As the ship began its final plunge, Lightoller attempted to launch Collapsible B on the port side; the boat was one of the smaller Engelhardt lifeboats with canvas sides and was stowed atop the officers' quarters. The collapsible fell onto the deck upside down. Lightoller then crossed over to the starboard side of the roof, to see if there was anything further to be done there. A large wave rolled aft along the boat deck and engulfed many people. Seeing crowds of people run away from the rising water, Lightoller realized it would be futile heading aft and dived overboard from the roof of the officers' quarters. Lightoller described the shock of the water as being like "a thousand knives being driven into one's body".

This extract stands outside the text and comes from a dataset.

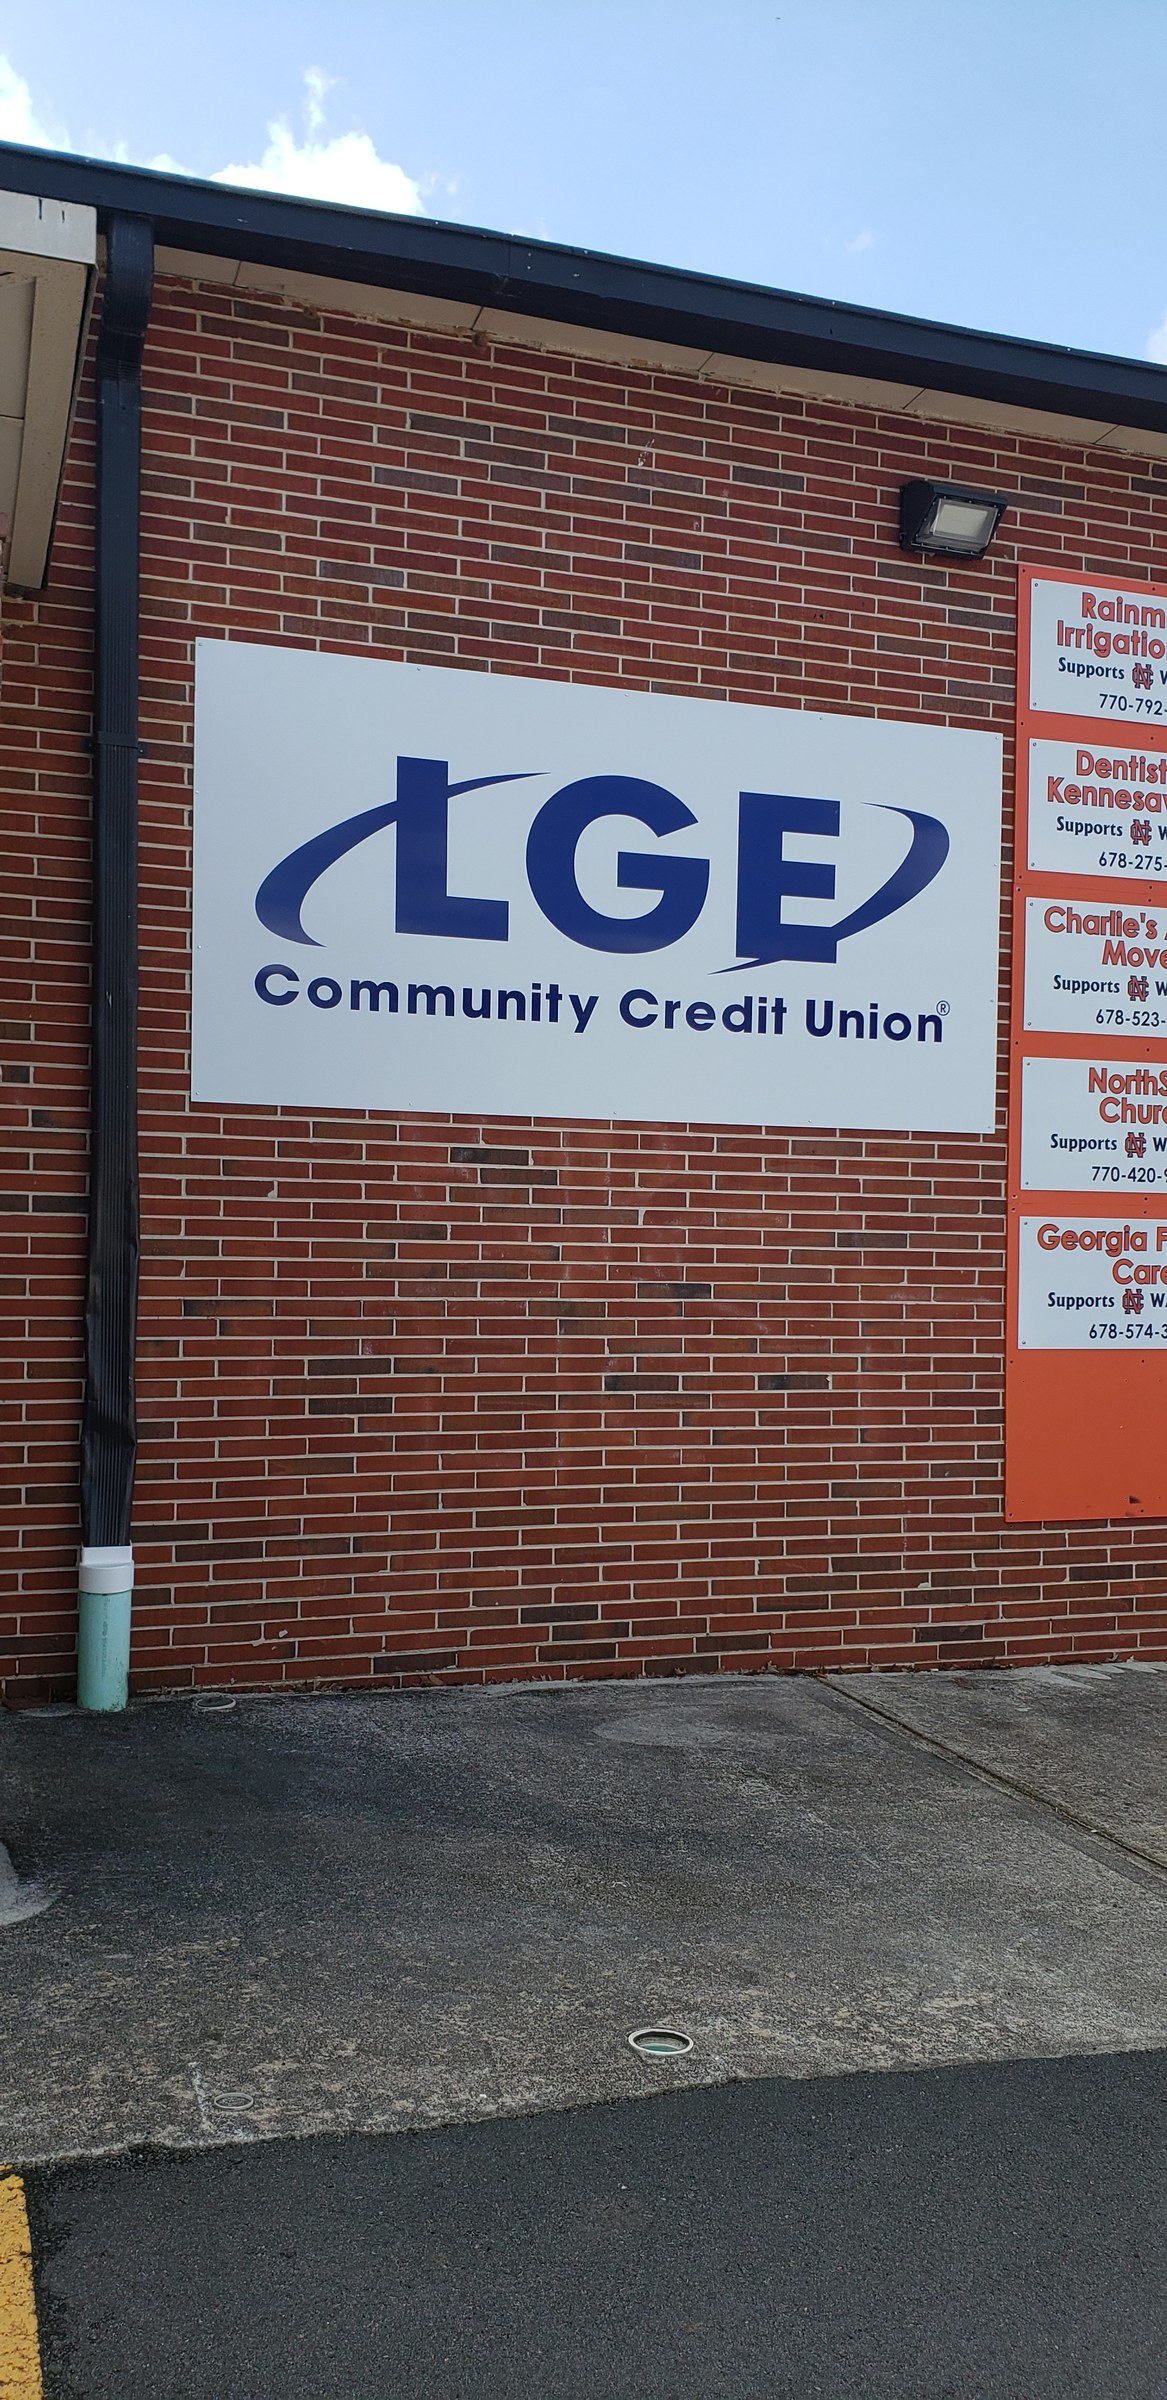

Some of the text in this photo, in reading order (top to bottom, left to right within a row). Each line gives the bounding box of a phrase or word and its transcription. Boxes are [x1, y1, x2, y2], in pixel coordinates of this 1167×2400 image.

Surfacing, Lightoller spotted the ship's crow's nest, now level with the water, and started to swim towards it as a place of safety before remembering that it was safer to stay away from the foundering vessel. Then, as water flooded down one of the forward ventilators, Lightoller was sucked under. He was pinned against the grating for some time by the pressure of the incoming water, until a blast of hot air from the depths of the ship erupted out of the ventilator and blew him to the surface. The suction pulled him down again against another grating, but he resurfaced. He then realized he could not swim properly because of the weight of the Webley revolver he was carrying in his coat pocket, so he swiftly discarded it. Following this, he saw Collapsible B floating upside down with several swimmers hanging on to it. He swam to it and held on to a rope at the front. Then the Titanics Number 1 (forward) funnel broke free and hit the water, washing the collapsible further away from the sinking ship; it killed several people and closely missed Lightoller.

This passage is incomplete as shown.